Есть еще одна пьеса у Л. Андреева, не новая, а новейшая: "Океан". О ней, в сущности, и писать не приходится, в печати ее нет. Но зато в печати есть великолепные, яркие и ясные о ней отзывы, такие яркие, что, пожалуй, можно обойтись и без самой пьесы. "Властитель дум" собрал в редакции "Шиповника" "сливки русской литературы и критики" (Аничков, Боцяновский, Арабажин, Рейснер и мн. др.) и прочел перед ними "Океан". В сливки, конечно, попали и мухи. Одна такая муха написала об "Океане" очень любопытно. Муха еще полн трепета, еще не учуяла, откуда потянуло ветерком, да и упражняется она в газете "Речь", а "Речь" необыкновенно консерватизма по отношению к литературе. Раз преклонившись перед Л. Андреевым -- она не скоро отклонится.

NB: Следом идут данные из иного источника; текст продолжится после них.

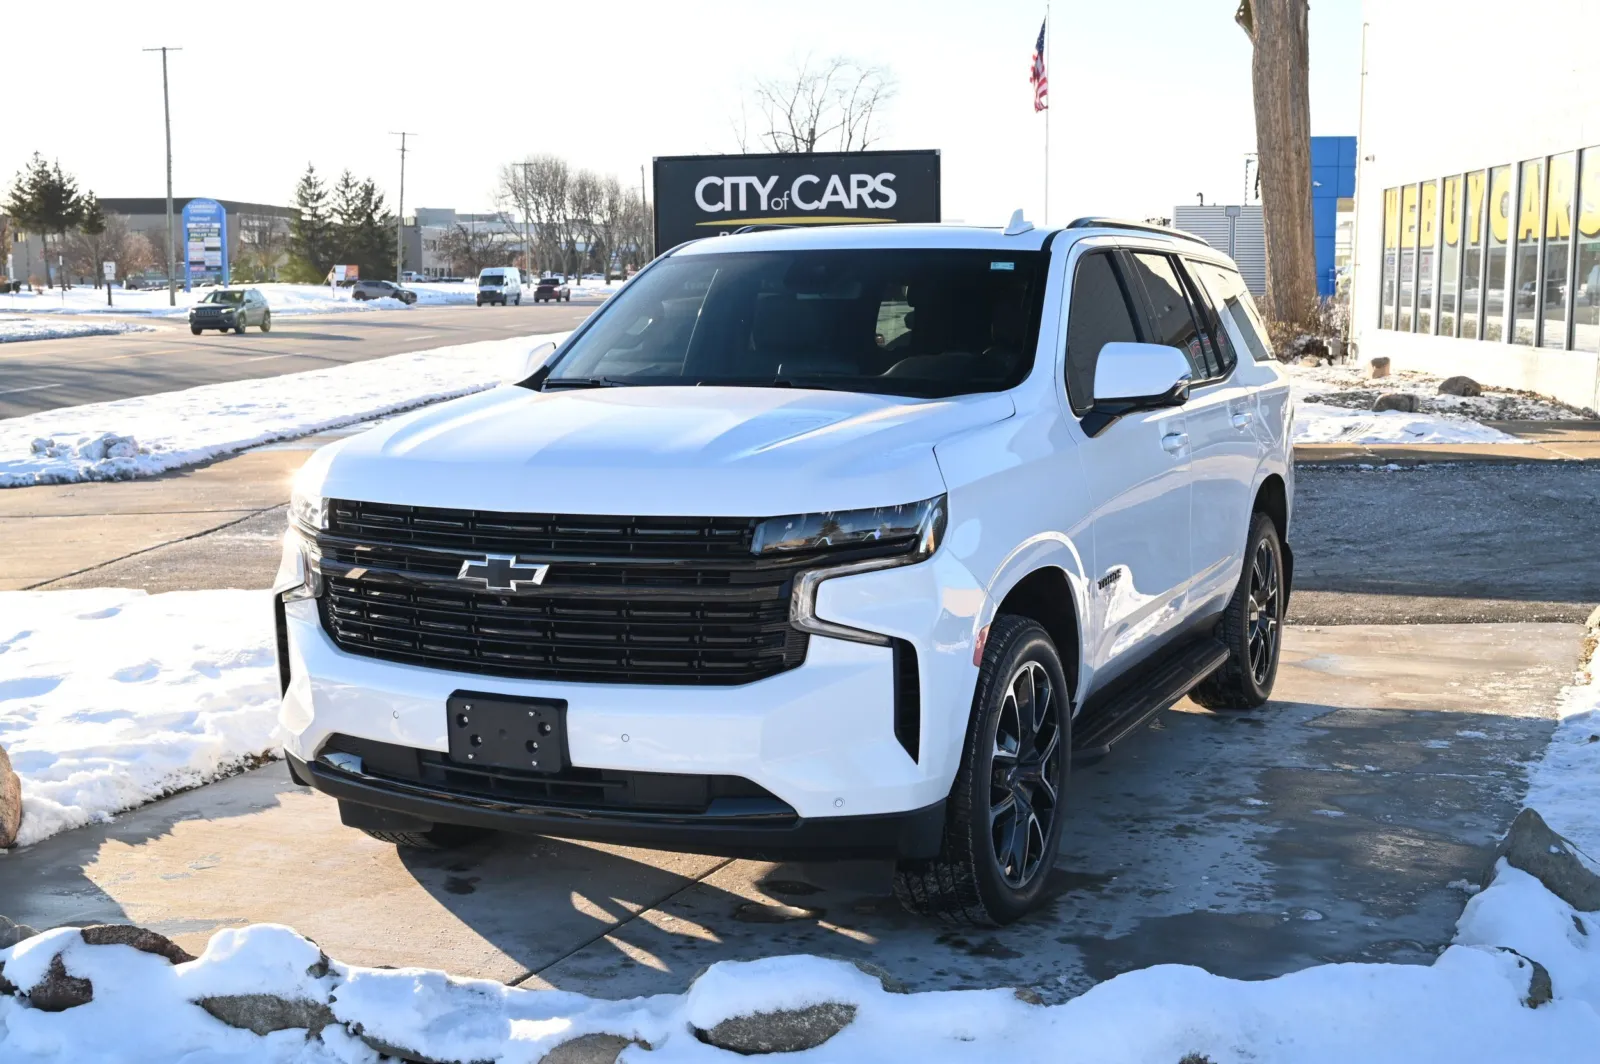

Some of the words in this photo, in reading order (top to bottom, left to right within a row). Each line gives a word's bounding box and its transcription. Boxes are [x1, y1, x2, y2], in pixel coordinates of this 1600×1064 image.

[694, 175, 779, 213] CITY
[771, 190, 790, 211] of
[790, 172, 898, 211] CARS
[1385, 186, 1418, 249] WE
[1420, 173, 1486, 249] BUY
[1489, 150, 1600, 243] CARS

"...Я подсмотрел то, -- пишет благоговейная муха, -- что (чего?) никто и никогда не имеет права видеть: зарождение таинственного цветка поэзии. Мне и страшно, и радостно было, как искателю клада, который бы увидал цвет (клад увидал цвет?) папоротника... Эти переживания..." "переживались вчера в редакции Шиповника". "...В эту ненастную ночь собрались..." на чтение "Океана". "Эту лирическую поэму, "суровую и нежную, пропитанную соленым запахом моря, читал Ходотов". "Закипали споры..." (Упоительно все, просто грех сокращать цитаты, да жаль места.) Вот "самый интересный момент": автор "дает свои разъяснения". "И неожиданно перед слушателями раскрывается самый процесс творчества Леонида Андреева". "В основе -- один из тех традиционных "проклятых вопросов", который давно уже стал общим местом (!!) и давно волнует" "совсем юные головы в гимназических фуражках" (трогательная добросовестность!) "Сознательное и бессознательное, человек и стихия, относительное и абсолют".

(Вот это не в бровь, а прямо в глаз. Автор и не подозревает, как он глубок и как ярко нарисовал "Океан".)

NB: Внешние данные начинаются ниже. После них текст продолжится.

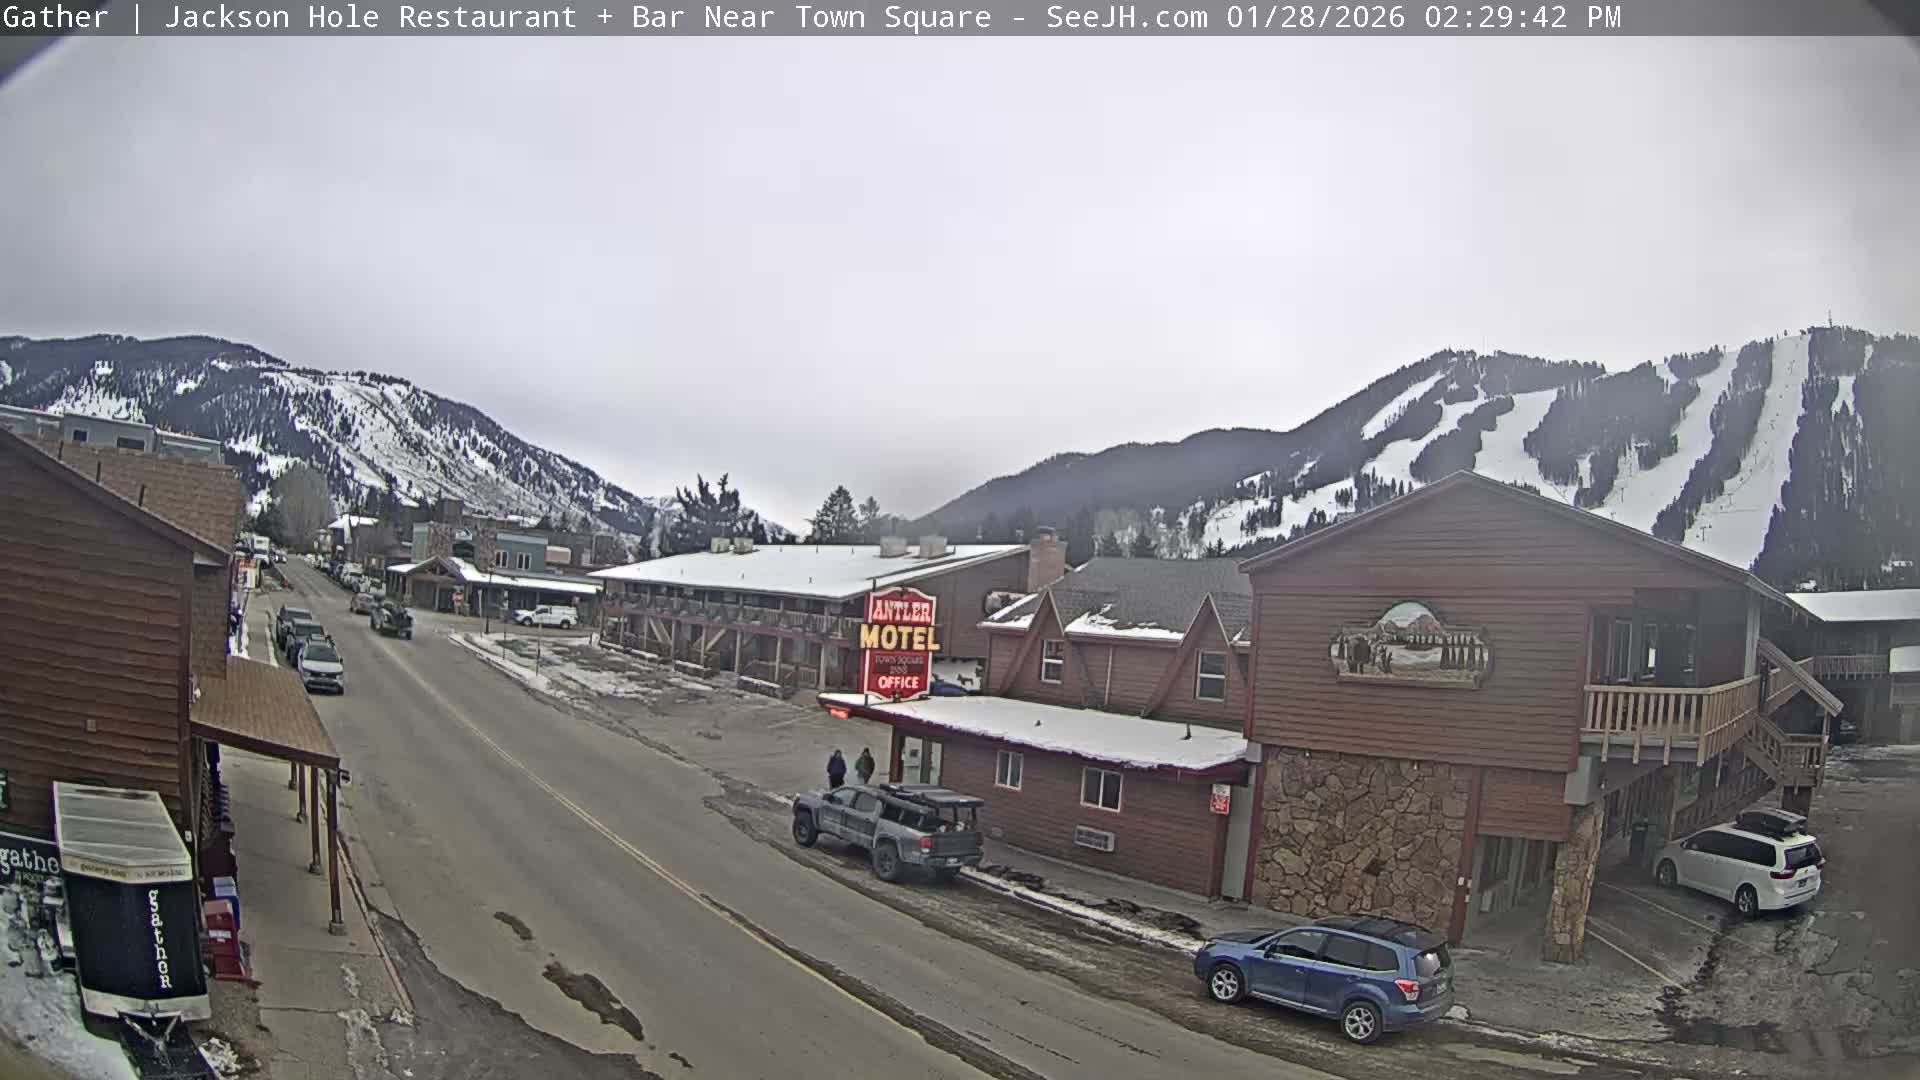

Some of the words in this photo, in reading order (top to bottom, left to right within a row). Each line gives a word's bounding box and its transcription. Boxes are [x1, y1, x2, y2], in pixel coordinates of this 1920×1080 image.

[873, 600, 931, 622] ANTLER
[860, 624, 941, 650] MOTEL
[878, 675, 920, 688] OFFICE
[0, 847, 60, 876] gathe

"...Хаггарт (очевидно, переодетый Лоренцо) пьет, но человек, который в ресторане требует водки, разве не кричит: "Хаос, приди на выручку!"

(Довольно неожиданно? Но не для меня. Я этого именно и ожидал, об этом и говорю.)

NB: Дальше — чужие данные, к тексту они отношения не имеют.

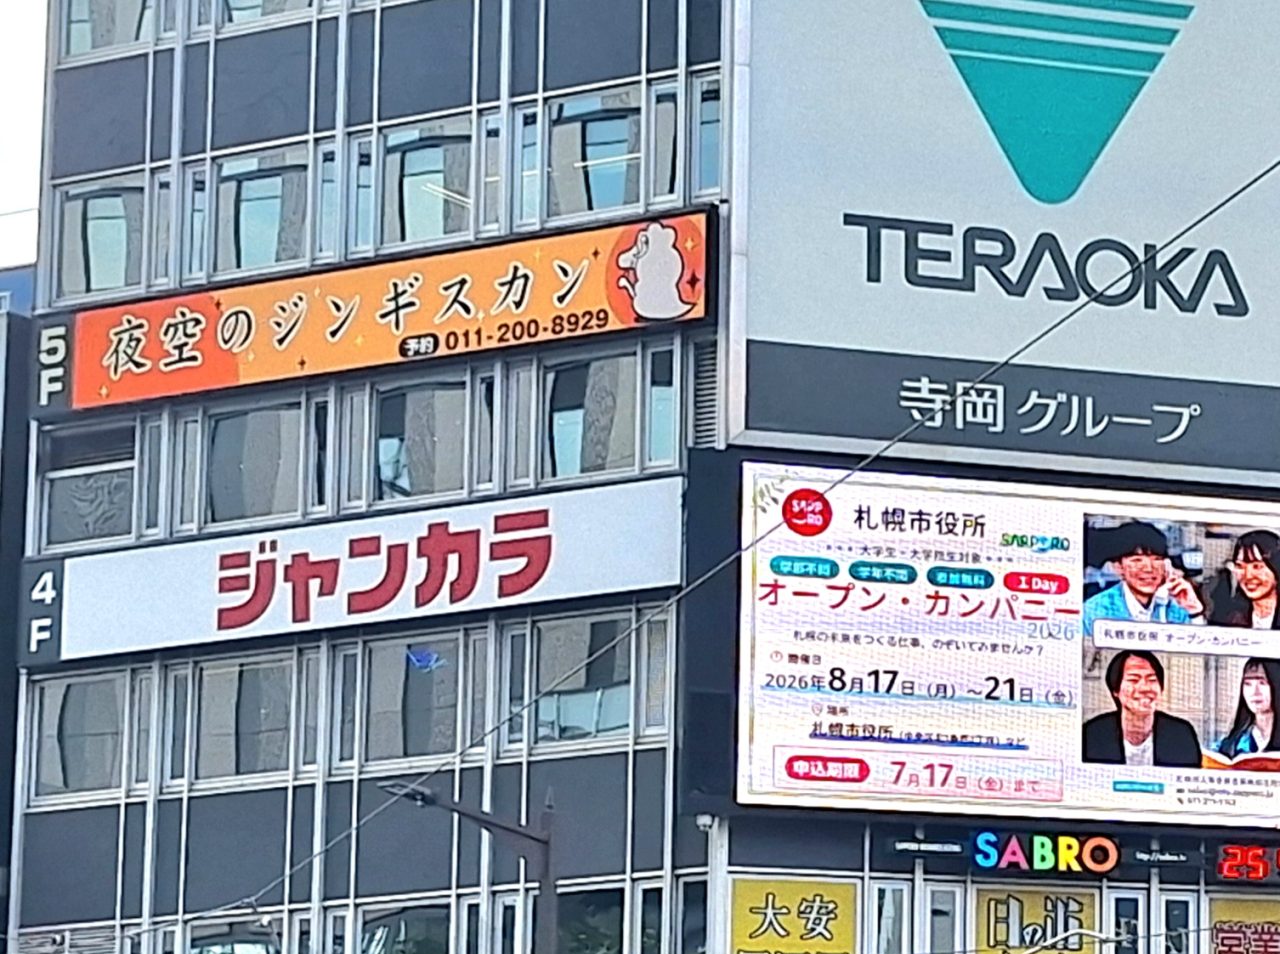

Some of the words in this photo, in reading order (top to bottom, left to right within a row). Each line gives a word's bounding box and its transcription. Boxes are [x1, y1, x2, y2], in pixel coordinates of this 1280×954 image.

[843, 212, 1249, 318] TERAOKA
[103, 257, 591, 379] 夜空のジンギスカン
[444, 308, 609, 350] 011-200-8929
[853, 504, 986, 539] 札幌市役所
[217, 508, 553, 631] ジャンカラ
[758, 579, 1081, 622] オープン・カンパニー
[975, 831, 1119, 873] SABRO
[750, 891, 839, 941] 大安

"Берег и океан, человек и стихия, не "подлая человеческая жалость", а борьба... победа..." -- продолжает, захлебываясь, рецензент, попавший в сливки, -- но далее мы за ним не пойдем. Не все ли он сказал, что нужно? И с какой наивной точностью, вплоть до гимназических фуражек. Какая прекрасная иллюстрация! И ученик не больше учителя...

Л. Андреева я тут оставлю -- надолго, если не навсегда. Да будут эти строки моим последним "прости". Когда он напишет следующее свое произведение, можно перепечатать любой из моих отзывов, этот или какой-нибудь прежний, одинаково попадет в точку.

Но оставить гимназистов, вызывающих Космос на бой, к сожалению, еще нельзя. Это повсеместное вызывание въелось в нашу сегодняшнюю "литературу"; не хочешь, а наталкиваешься.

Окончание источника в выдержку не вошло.